A Lei de Recuperação Judicial e Falências veda a conciliação e a mediação sobre a natureza jurídica e a classificação de créditos, bem como sobre critérios de votação em assembleia-geral de credores.
Preconiza a lei recuperacional que o acordo obtido por meio de conciliação ou de mediação deverá ser homologado pelo juiz competente e as sessões de conciliação e de mediação poderão ser realizadas por meio virtual, desde que o Cejusc do tribunal competente ou a câmara especializada responsável disponham de meios para a sua realização.
Por fim, está previsto que é dever do administrador judicial, sempre que possível, estimular a conciliação, a mediação e outros métodos adequados de solução de conflitos relacionados à recuperação judicial e à falência, respeitados os direitos de terceiros. Nesse ponto, é importante ressaltar que não cabe ao administrador judicial figurar como mediador, mas tão somente estimular o uso desses mecanismos, assim como o próprio magistrado.

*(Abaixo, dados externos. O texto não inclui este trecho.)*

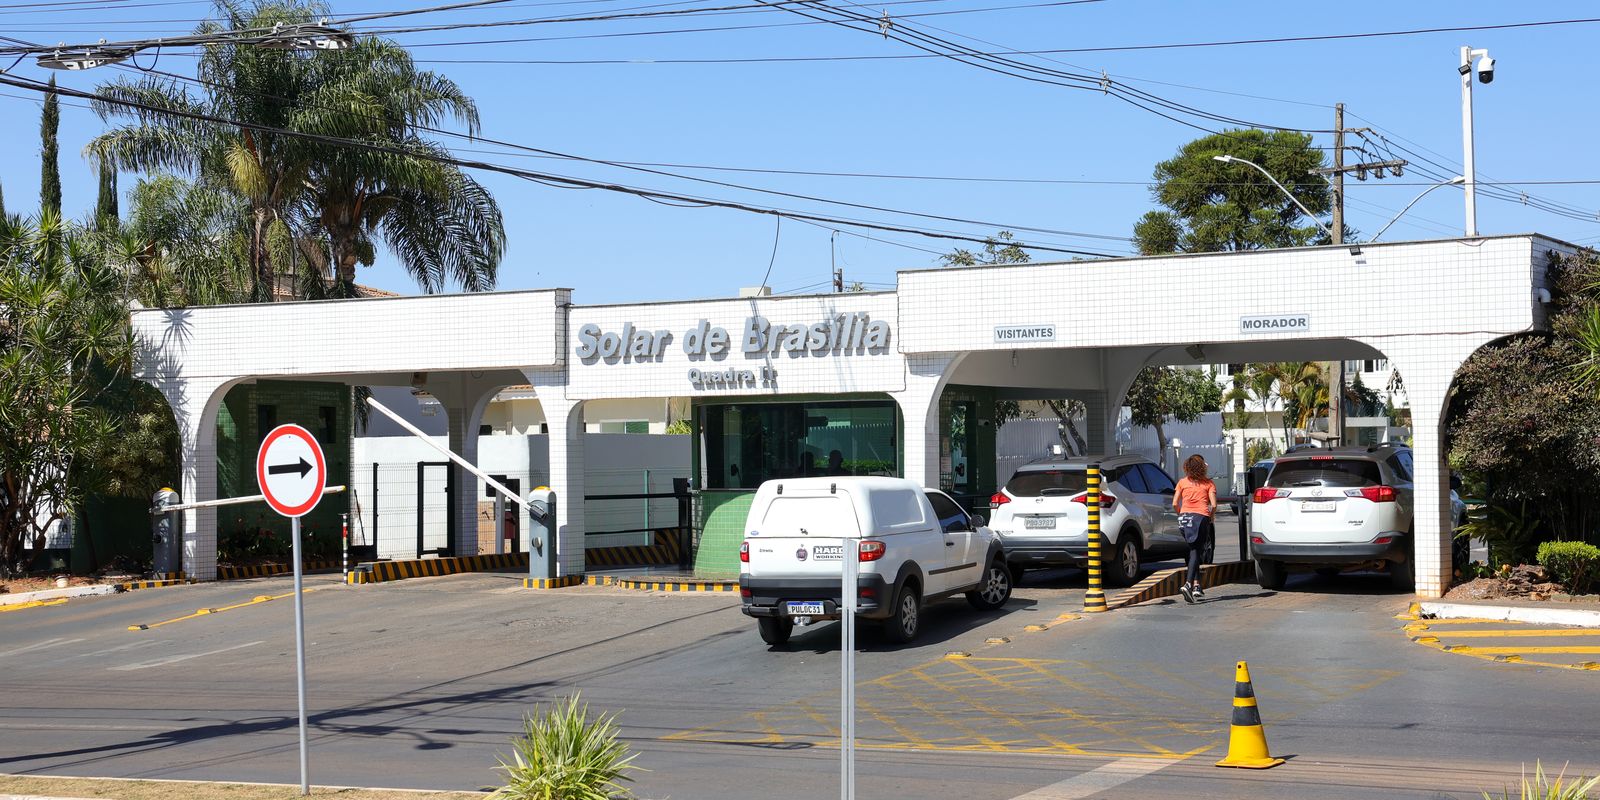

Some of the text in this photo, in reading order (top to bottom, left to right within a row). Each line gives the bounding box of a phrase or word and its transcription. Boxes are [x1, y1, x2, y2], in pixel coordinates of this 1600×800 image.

[1242, 317, 1307, 330] MORADOR
[575, 311, 890, 359] Solar de Brasília
[996, 327, 1054, 340] VISITANTES
[688, 366, 753, 383] Quadra

A mediação nos processos de insolvência empresarial trará inúmeras vantagens, especialmente a maior flexibilidade na negociação e na construção de soluções; a redução da assimetria de informações entre as partes, situação existente em todos os processos de recuperação judicial; diminuição do tempo e do número de recursos; o incremento na eficiência da comunicação entre as partes; redução da litigiosidade que naturalmente seria endereçada ao juízo e, adiante, ao tribunal.

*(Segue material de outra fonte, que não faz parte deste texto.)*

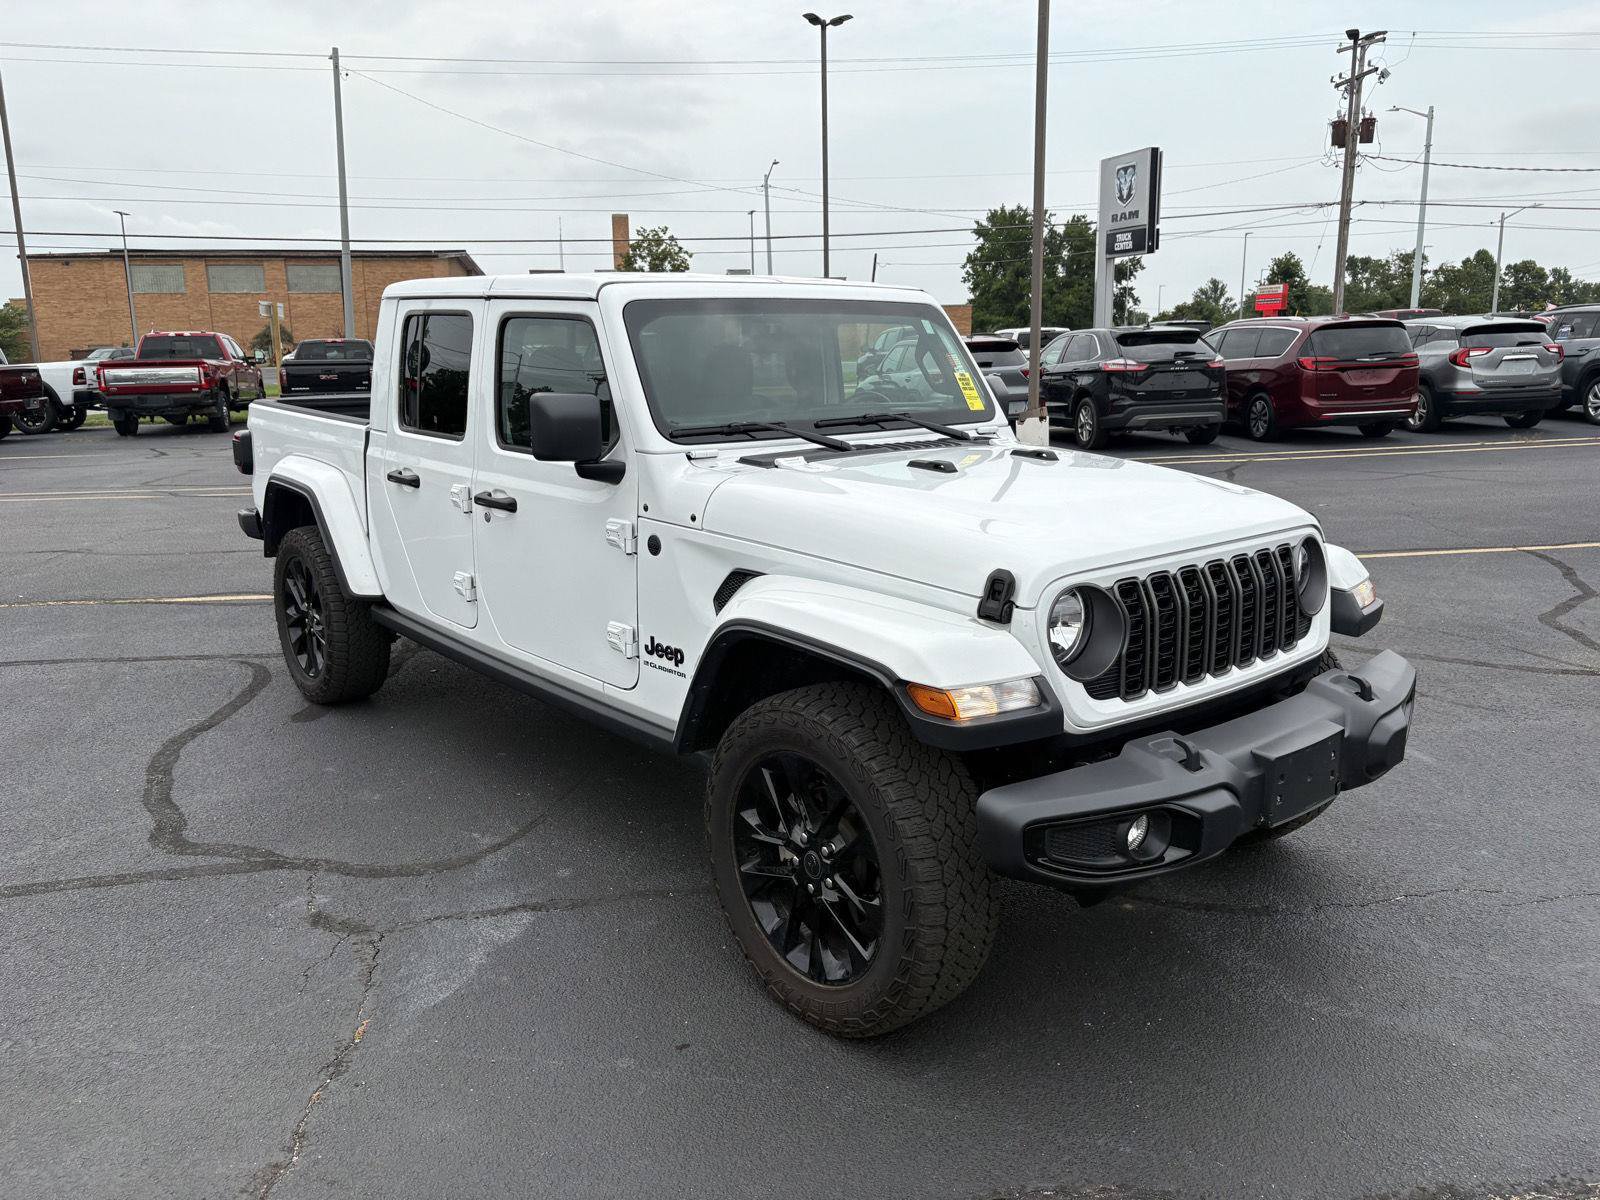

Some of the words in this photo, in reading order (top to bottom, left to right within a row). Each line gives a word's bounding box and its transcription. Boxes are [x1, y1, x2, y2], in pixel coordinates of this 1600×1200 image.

[1111, 209, 1140, 223] RAM
[1115, 232, 1132, 243] TRUCK
[1114, 240, 1133, 251] CENTER
[644, 635, 685, 668] Jeep
[649, 661, 687, 679] GLADIATOR

Não temos dúvidas, portanto, de que os métodos adequados de solução de conflitos, e em especial a conciliação e a mediação, serão um instrumento extremamente eficaz para o atingimento do objetivo maior da recuperação judicial que é a manutenção da empresa e da sua função social. E, considerando as inúmeras disputas surgidas em decorrência da pandemia, devemos reconhecer que esses mecanismos são mais do que nunca necessários.
Filipe Denki Belém Pacheco é advogado e administrador judicial, especialista em Direito Empresarial com ênfase em Recuperação de Empresas, presidente da Comissão Especial de Recuperação de Empresas da OAB/GO, membro do GPAI–Grupo Permanente de Aperfeiçoamento da Insolvência, membro associado a Turnaround Management Association (TMA) e International Association of Restructuring, Insolvency & Bankruptcy Professionals (INSOL) e sócio do escritório Lara Martins Advogados.
Carlos Alberto Vilela Sampaio é advogado, árbitro, diretor-Geral, sócio do escritório CAMES Brasil, doutor e mestre em Direito Internacional pela USP.